À la une, A voir, Les critiques, Lyon, Théâtre

 

photo Claire Bordenave

Frédéric Leidgens et Sophie Robin rendent hommage au Théâtre des  Célestins à Lyon au peintre franco-polonais Roman Opalka, mort en 2011, à travers ses rencontres avec l’écrivain poète Bernard Noël. Une plongée dans la pensée d’un artiste hors du commun. 

C’est en 1965 que Roman Opalka décide de consacrer sa vie à peindre des suites de nombres sur ses toiles, pour capter le temps qui passe. Une série qui démarre à 1 et s’achèvera à 5092456, au bout d’une série qui comptera 231 œuvres nommées Détails. On entend d’ici les railleurs de l’art contemporain, prompts à dézinguer les concepts fumeux de ses artistes. Qu’ils viennent donc voir Un, spectacle conçu et interprété par Frédéric Leidgens et Sophie Robin qui, par l’entremise de Bernard Noël, rend compte de ce travail unique dans toute sa poésie et toute sa profondeur.

« J’ai fait le choix d’offrir la durée de mon existence à la peinture ». « Ma recherche a le dégoût de tout ce qui se passe y compris dans l’Art ». « Il m’a fallu du temps pour comprendre que mon discours est une œuvre lui aussi ». L’écrivain poète Bernard Noël a relaté ses rencontres avec le peintre polonais Roman Opalka dans Le roman d’un être. Il lui rend trois visites, en 1985, 1990 et 1996 ; observe l’artiste au travail dans son atelier et l’interroge sur ce qu’il fait. Face à lui, des peintures couvertes de nombres, de tout petit nombres tracés minutieusement, pinceau à la main, qui se succèdent dans l’ordre croissant, sur des surfaces qui s’éclaircissent au fur et à mesure du temps. Et un homme qui vieillit, qui se photographie à l’identique, qui se tient immuablement debout en chemise face à l’appareil photo et face au chevalet, dans des postures millimétrées, dans une activité lente, monumentale, répétitive et minutieuse. Il semble vouloir faire corps avec cette lumière qui se lève face à lui, de la toile, et se laisser absorber par cette œuvre qui peint son effacement. L’œuvre du Temps.

On ne détaillera pas ici précisément le processus de travail d’Opalka, ses évolutions. Pas plus qu’on ne parlera de la puissance évocatrice de sa démarche. Ses mots et ceux de Bernard Noël sont irremplaçables et les nôtres seraient bien fades.

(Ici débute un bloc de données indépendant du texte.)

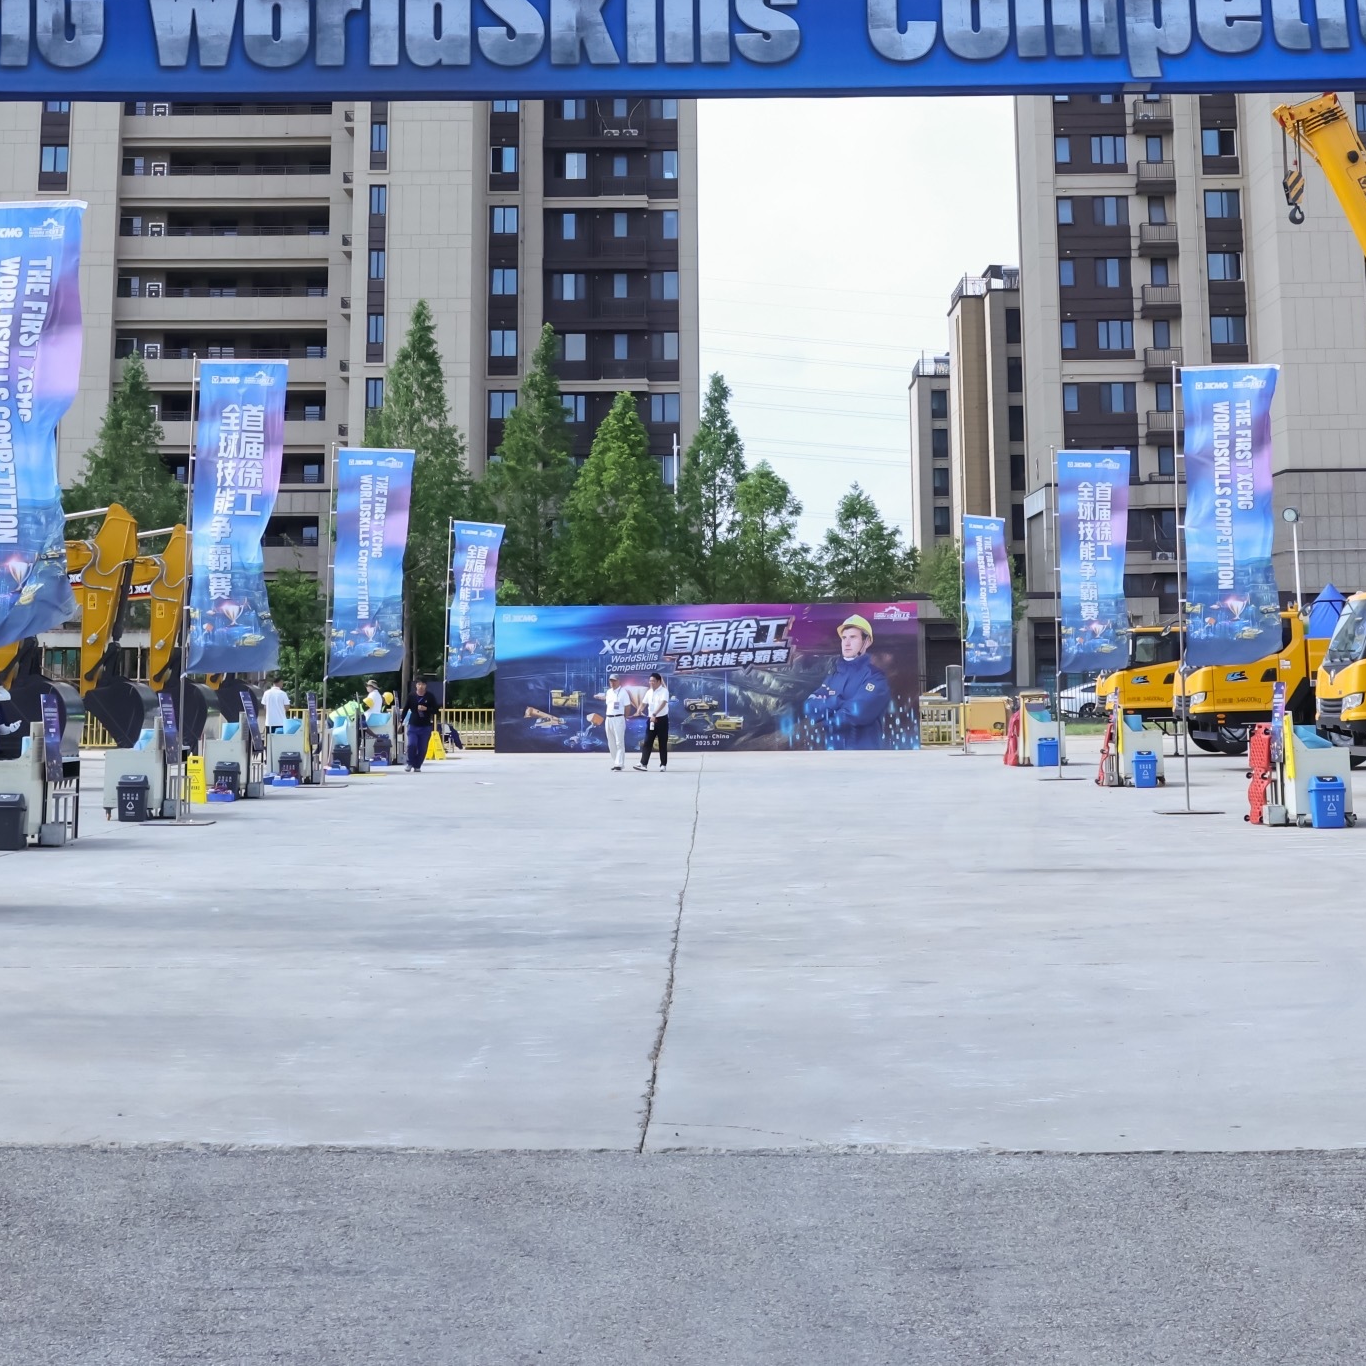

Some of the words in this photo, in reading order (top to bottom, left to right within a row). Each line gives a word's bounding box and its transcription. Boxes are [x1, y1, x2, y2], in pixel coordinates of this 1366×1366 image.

[25, 256, 52, 296] THE
[18, 300, 49, 360] FIRST
[16, 365, 36, 424] XCMG
[1235, 400, 1252, 427] THE
[235, 404, 266, 517] 首届徐工
[1212, 401, 1232, 496] WORLDSKILLS
[1235, 429, 1253, 469] FIRST
[207, 404, 242, 601] 全球技能争霸赛
[375, 475, 389, 496] THE
[1236, 473, 1254, 511] XCMG
[358, 474, 373, 548] WORLDSKILLS
[1095, 482, 1113, 561] 首届徐工
[372, 529, 385, 559] XCMG
[1077, 482, 1099, 621] 全球技能争霸赛
[1214, 497, 1235, 590] COMPETITION
[357, 548, 369, 620] COMPETITION
[599, 636, 662, 655] XCMG
[626, 625, 645, 637] The
[646, 624, 662, 637] 1st
[666, 617, 789, 654] 首届徐工
[605, 662, 657, 673] Competition
[611, 653, 659, 664] WorldSkills
[677, 648, 789, 670] 全球技能争霸赛

Sur scène, Sophie Robin porte surtout ceux du poète français, Frédéric Leidgens ceux du peintre polonais. Les deux comédiens varient un peu. Passages avec ou sans micros, en direct ou enregistrés. Le tout dans une grande simplicité, une grande intelligibilité. Avec délicatesse. Entre des réflecteurs, une grande table blanche (de l’écrivain) à la quelle fait écho un grand rectangle blanc (le châssis du peintre où apparaît son portrait). On est un peu dans l’atelier, mais pas trop, les effets sont mesurés pour laisser s’épanouir la parole des deux artistes.

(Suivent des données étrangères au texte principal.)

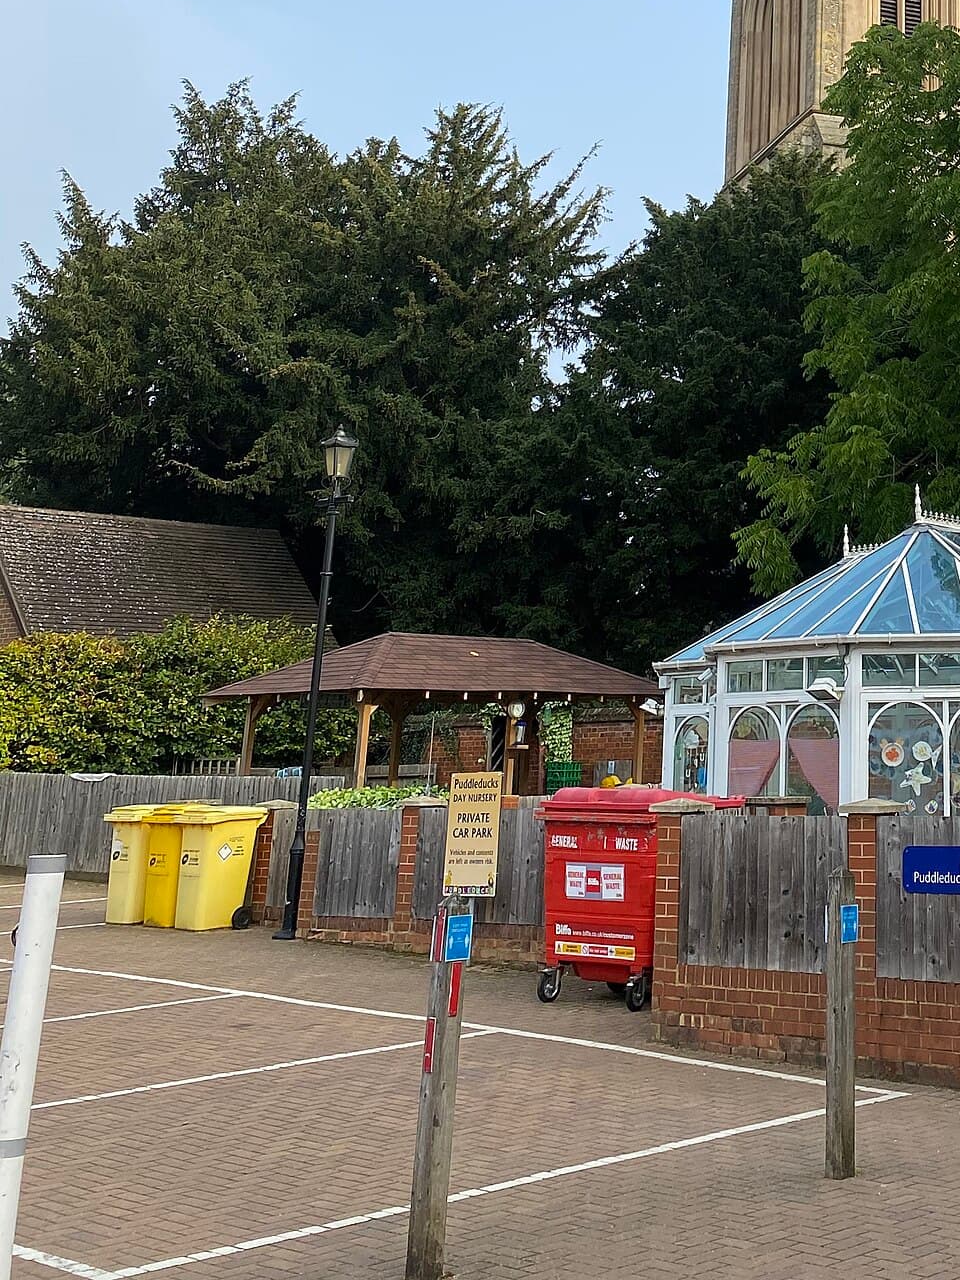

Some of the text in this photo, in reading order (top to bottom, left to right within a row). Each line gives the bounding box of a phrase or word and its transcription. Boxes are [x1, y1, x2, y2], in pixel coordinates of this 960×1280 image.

[454, 778, 498, 789] Puddleducks
[453, 793, 497, 802] DAY NURSERY
[458, 813, 490, 823] PRIVATE
[452, 828, 492, 838] CAR PARK
[552, 834, 578, 848] GENERAL
[615, 837, 638, 850] WASTE
[556, 923, 572, 935] Biffa

L’histoire de ce travail et les mots que le plasticien pose dessus abordent la singularité exceptionnelle de sa démarche unique dans un art contemporain dévoué au toujours nouveau. Mais aussi ses résonances, existentielle, bien sûr, puisqu’il s’agit de rendre par ce geste le passage du temps dans la vie. Esthétique, philosophique. Et aussi de simples considérations pratiques sur l’artiste au travail et sur sa vie. Mais surtout, avant tout et surtout, Un relate ce qu’une démarche aux allures conceptuelles peut avoir d’intimement relié à la sensation et à la recherche de l’émotion, et comment un travail calibré, répété, d’apparence ultra rationnelle – Opalka se nomme lui-même « mystique de la rationalité » – peut tendre à éprouver de la manière la plus sensible qu’il soit ce que c’est que de vivre, et d’avancer vers la mort, en regardant le temps passer. Il y a dans cette expérience artistique, sacrificielle, presque de l’ordre du suicide, les échos de la folie qui nous guette face à la disparition, et l’imperturbable détermination que dressent face à elle les poètes de l’Art Brut.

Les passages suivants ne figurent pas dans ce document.